== Segment start ==

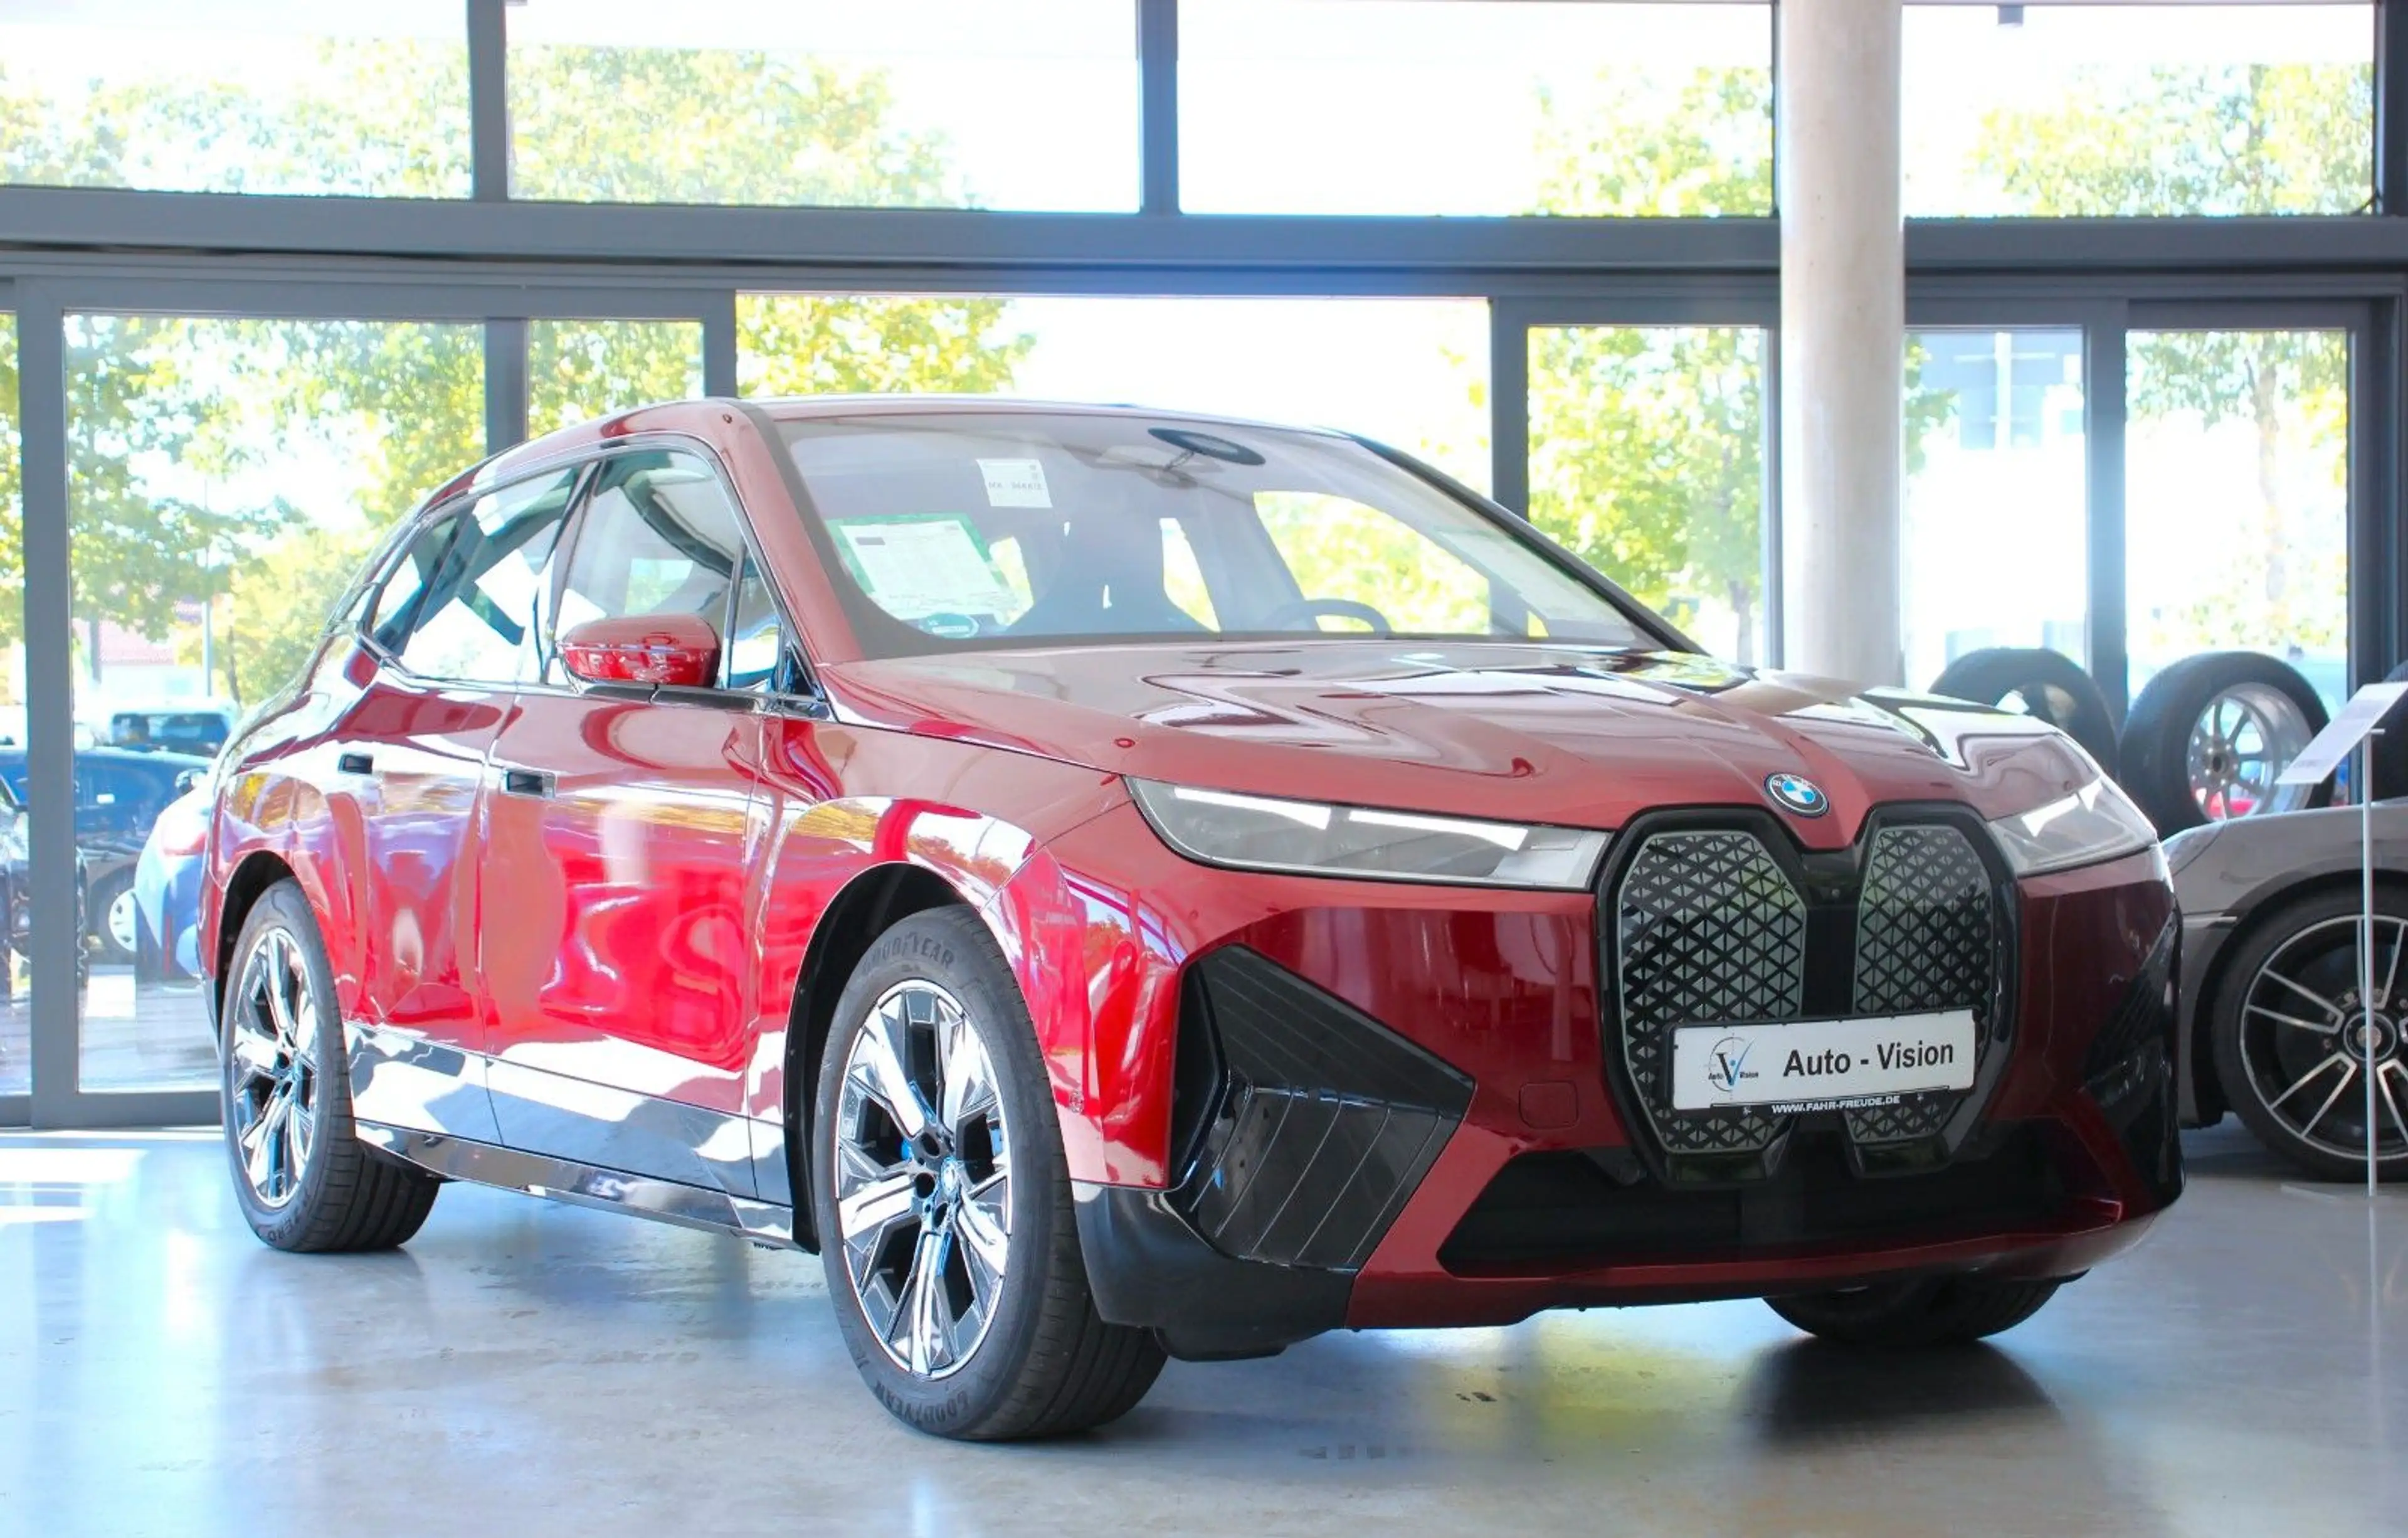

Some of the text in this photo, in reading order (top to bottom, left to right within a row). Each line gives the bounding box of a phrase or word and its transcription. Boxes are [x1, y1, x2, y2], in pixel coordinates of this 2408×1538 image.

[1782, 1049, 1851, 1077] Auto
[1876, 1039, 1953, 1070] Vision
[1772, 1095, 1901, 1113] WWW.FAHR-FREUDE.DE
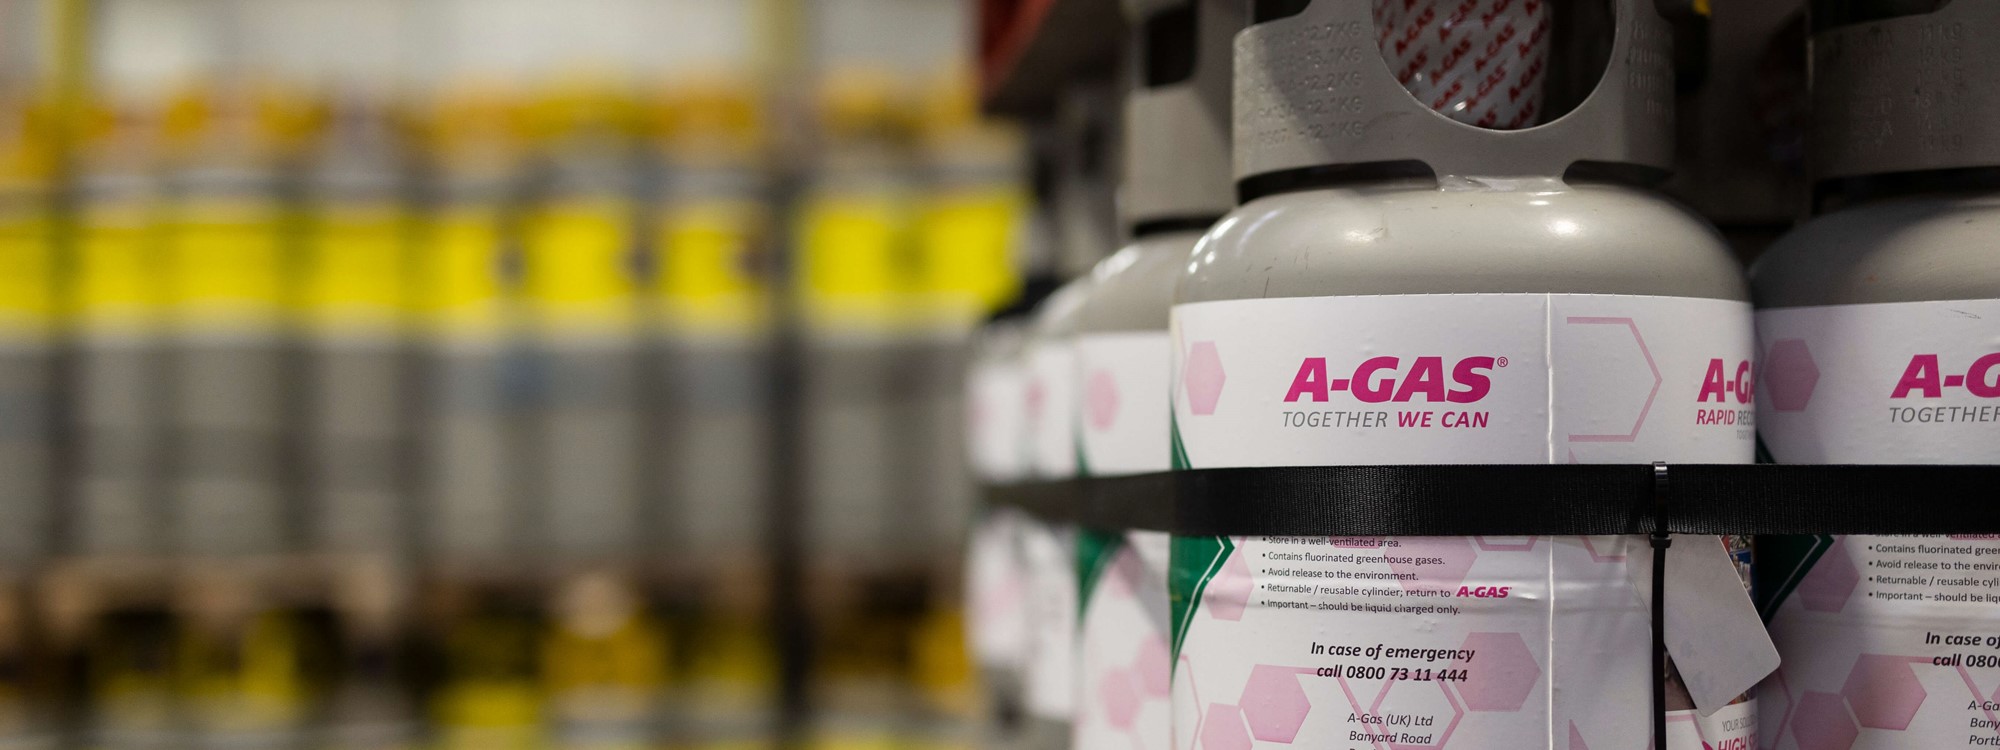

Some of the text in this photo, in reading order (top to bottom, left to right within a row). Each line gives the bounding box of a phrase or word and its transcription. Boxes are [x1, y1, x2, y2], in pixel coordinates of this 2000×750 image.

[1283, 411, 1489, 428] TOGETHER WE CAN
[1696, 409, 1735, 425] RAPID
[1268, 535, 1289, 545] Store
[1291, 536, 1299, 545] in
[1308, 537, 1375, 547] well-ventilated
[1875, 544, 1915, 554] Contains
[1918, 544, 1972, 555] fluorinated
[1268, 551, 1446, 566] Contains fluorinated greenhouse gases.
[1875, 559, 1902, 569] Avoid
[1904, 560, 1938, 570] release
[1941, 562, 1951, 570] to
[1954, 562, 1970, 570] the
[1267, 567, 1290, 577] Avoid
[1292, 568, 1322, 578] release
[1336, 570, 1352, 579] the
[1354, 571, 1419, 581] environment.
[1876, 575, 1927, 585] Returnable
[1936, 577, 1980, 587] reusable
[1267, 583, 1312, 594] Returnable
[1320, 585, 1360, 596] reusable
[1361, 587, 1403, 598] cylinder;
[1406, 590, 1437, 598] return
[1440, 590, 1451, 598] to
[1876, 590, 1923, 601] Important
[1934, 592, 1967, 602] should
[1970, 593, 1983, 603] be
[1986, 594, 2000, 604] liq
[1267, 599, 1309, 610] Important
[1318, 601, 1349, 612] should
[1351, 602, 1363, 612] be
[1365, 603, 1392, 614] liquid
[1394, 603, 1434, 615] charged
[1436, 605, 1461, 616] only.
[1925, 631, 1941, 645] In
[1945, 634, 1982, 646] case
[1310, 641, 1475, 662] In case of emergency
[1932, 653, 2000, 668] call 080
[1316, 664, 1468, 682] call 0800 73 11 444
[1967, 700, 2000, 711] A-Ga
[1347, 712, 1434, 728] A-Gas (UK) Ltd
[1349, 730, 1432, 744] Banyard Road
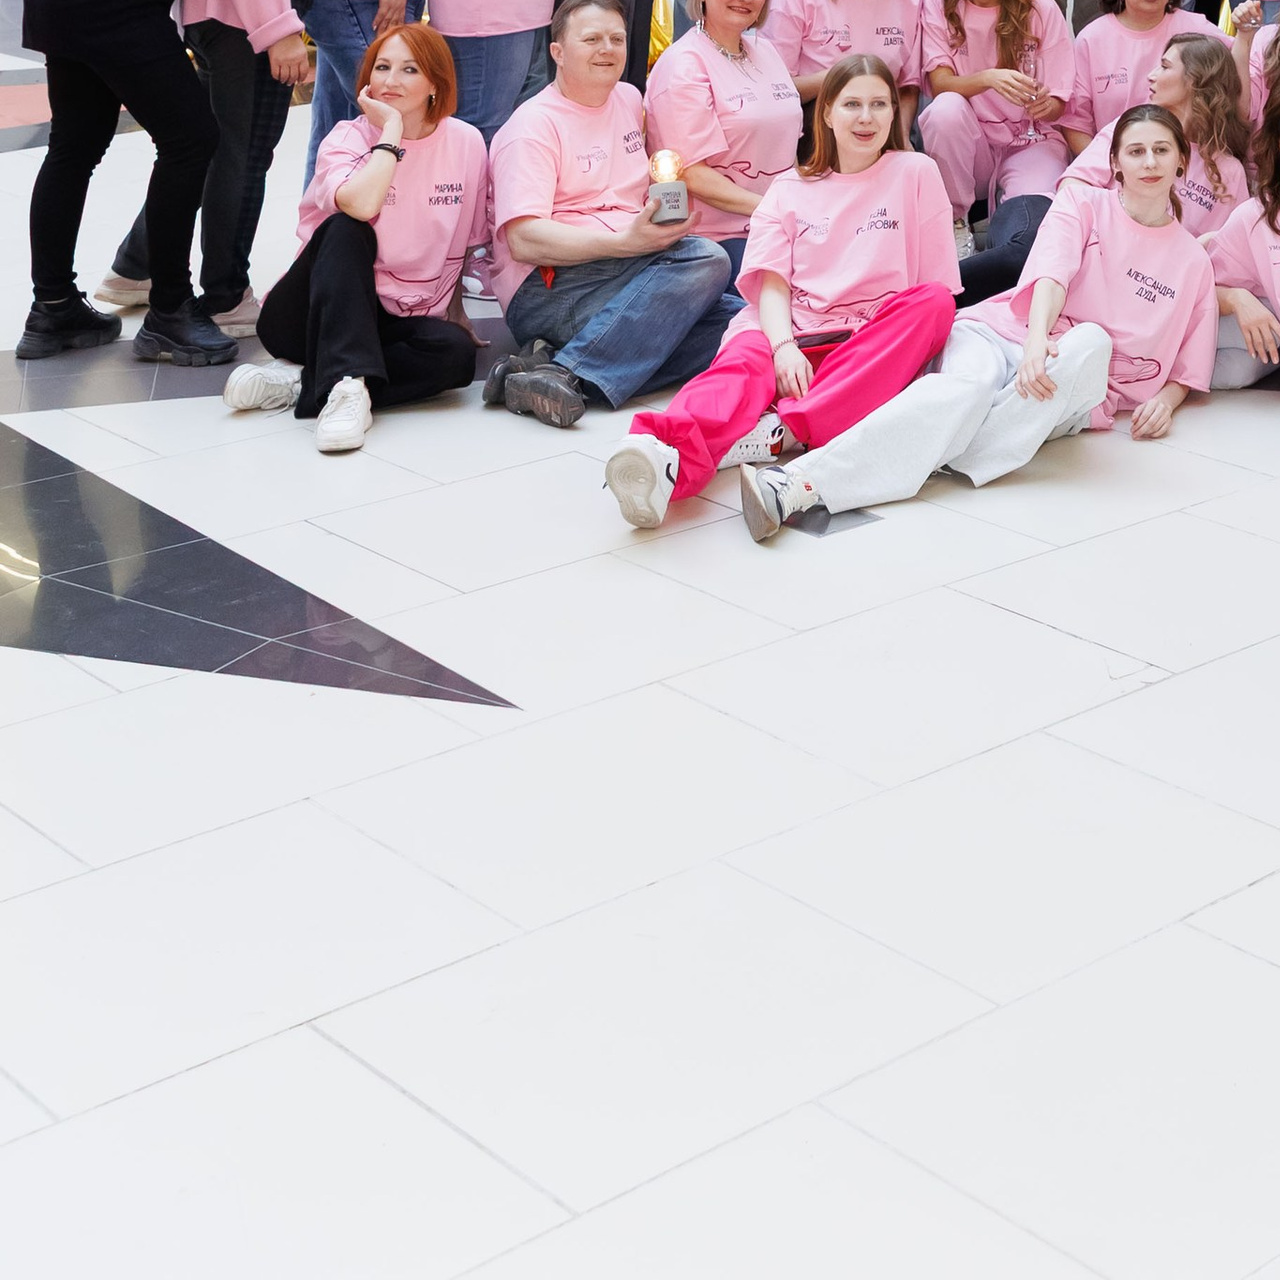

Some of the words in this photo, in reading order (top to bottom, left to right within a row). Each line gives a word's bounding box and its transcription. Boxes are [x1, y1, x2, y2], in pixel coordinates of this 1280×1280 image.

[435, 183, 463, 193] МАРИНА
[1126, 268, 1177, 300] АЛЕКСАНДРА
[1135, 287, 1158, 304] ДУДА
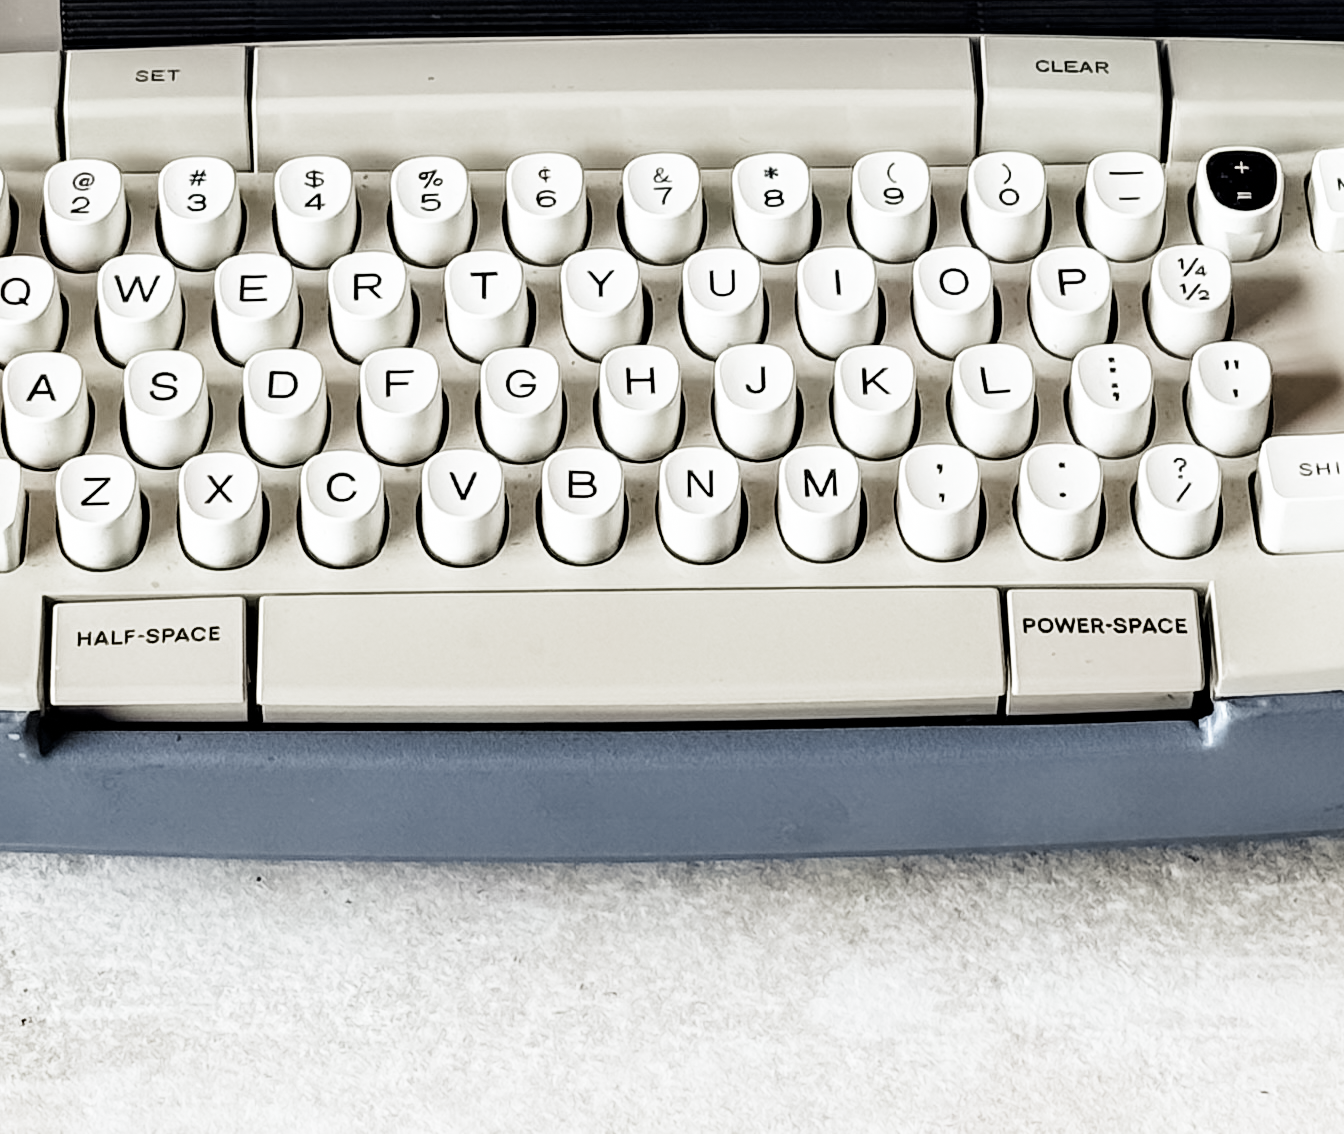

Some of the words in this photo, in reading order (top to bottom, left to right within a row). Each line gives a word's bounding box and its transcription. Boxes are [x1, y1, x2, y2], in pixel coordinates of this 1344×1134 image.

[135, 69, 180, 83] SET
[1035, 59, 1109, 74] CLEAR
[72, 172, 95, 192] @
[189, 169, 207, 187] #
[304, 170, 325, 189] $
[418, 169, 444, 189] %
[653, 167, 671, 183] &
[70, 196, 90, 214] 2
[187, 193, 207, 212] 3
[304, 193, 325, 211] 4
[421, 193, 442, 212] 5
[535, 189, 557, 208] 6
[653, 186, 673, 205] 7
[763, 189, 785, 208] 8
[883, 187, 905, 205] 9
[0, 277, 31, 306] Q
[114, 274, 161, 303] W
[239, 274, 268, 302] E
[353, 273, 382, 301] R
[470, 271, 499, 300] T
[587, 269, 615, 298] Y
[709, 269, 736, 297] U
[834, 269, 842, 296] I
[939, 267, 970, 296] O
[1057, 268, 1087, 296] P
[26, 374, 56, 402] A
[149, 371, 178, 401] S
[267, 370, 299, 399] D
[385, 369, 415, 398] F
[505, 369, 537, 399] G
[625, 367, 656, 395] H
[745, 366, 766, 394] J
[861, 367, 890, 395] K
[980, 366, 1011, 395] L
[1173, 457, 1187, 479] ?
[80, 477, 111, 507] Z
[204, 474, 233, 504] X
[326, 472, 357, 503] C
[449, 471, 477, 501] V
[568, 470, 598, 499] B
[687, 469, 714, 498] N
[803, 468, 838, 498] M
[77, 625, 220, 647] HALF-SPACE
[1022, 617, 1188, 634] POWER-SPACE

== Segment end ==

▶ About this exercise
Starting from the line that contains "this 1344×1134 image.", reproduce each line of the data exactly through the last one.

▶ Your response
Some of the words in this photo, in reading order (top to bottom, left to right within a row). Each line gives a word's bounding box and its transcription. Boxes are [x1, y1, x2, y2], in pixel coordinates of this 1344×1134 image.

[135, 69, 180, 83] SET
[1035, 59, 1109, 74] CLEAR
[72, 172, 95, 192] @
[189, 169, 207, 187] #
[304, 170, 325, 189] $
[418, 169, 444, 189] %
[653, 167, 671, 183] &
[70, 196, 90, 214] 2
[187, 193, 207, 212] 3
[304, 193, 325, 211] 4
[421, 193, 442, 212] 5
[535, 189, 557, 208] 6
[653, 186, 673, 205] 7
[763, 189, 785, 208] 8
[883, 187, 905, 205] 9
[0, 277, 31, 306] Q
[114, 274, 161, 303] W
[239, 274, 268, 302] E
[353, 273, 382, 301] R
[470, 271, 499, 300] T
[587, 269, 615, 298] Y
[709, 269, 736, 297] U
[834, 269, 842, 296] I
[939, 267, 970, 296] O
[1057, 268, 1087, 296] P
[26, 374, 56, 402] A
[149, 371, 178, 401] S
[267, 370, 299, 399] D
[385, 369, 415, 398] F
[505, 369, 537, 399] G
[625, 367, 656, 395] H
[745, 366, 766, 394] J
[861, 367, 890, 395] K
[980, 366, 1011, 395] L
[1173, 457, 1187, 479] ?
[80, 477, 111, 507] Z
[204, 474, 233, 504] X
[326, 472, 357, 503] C
[449, 471, 477, 501] V
[568, 470, 598, 499] B
[687, 469, 714, 498] N
[803, 468, 838, 498] M
[77, 625, 220, 647] HALF-SPACE
[1022, 617, 1188, 634] POWER-SPACE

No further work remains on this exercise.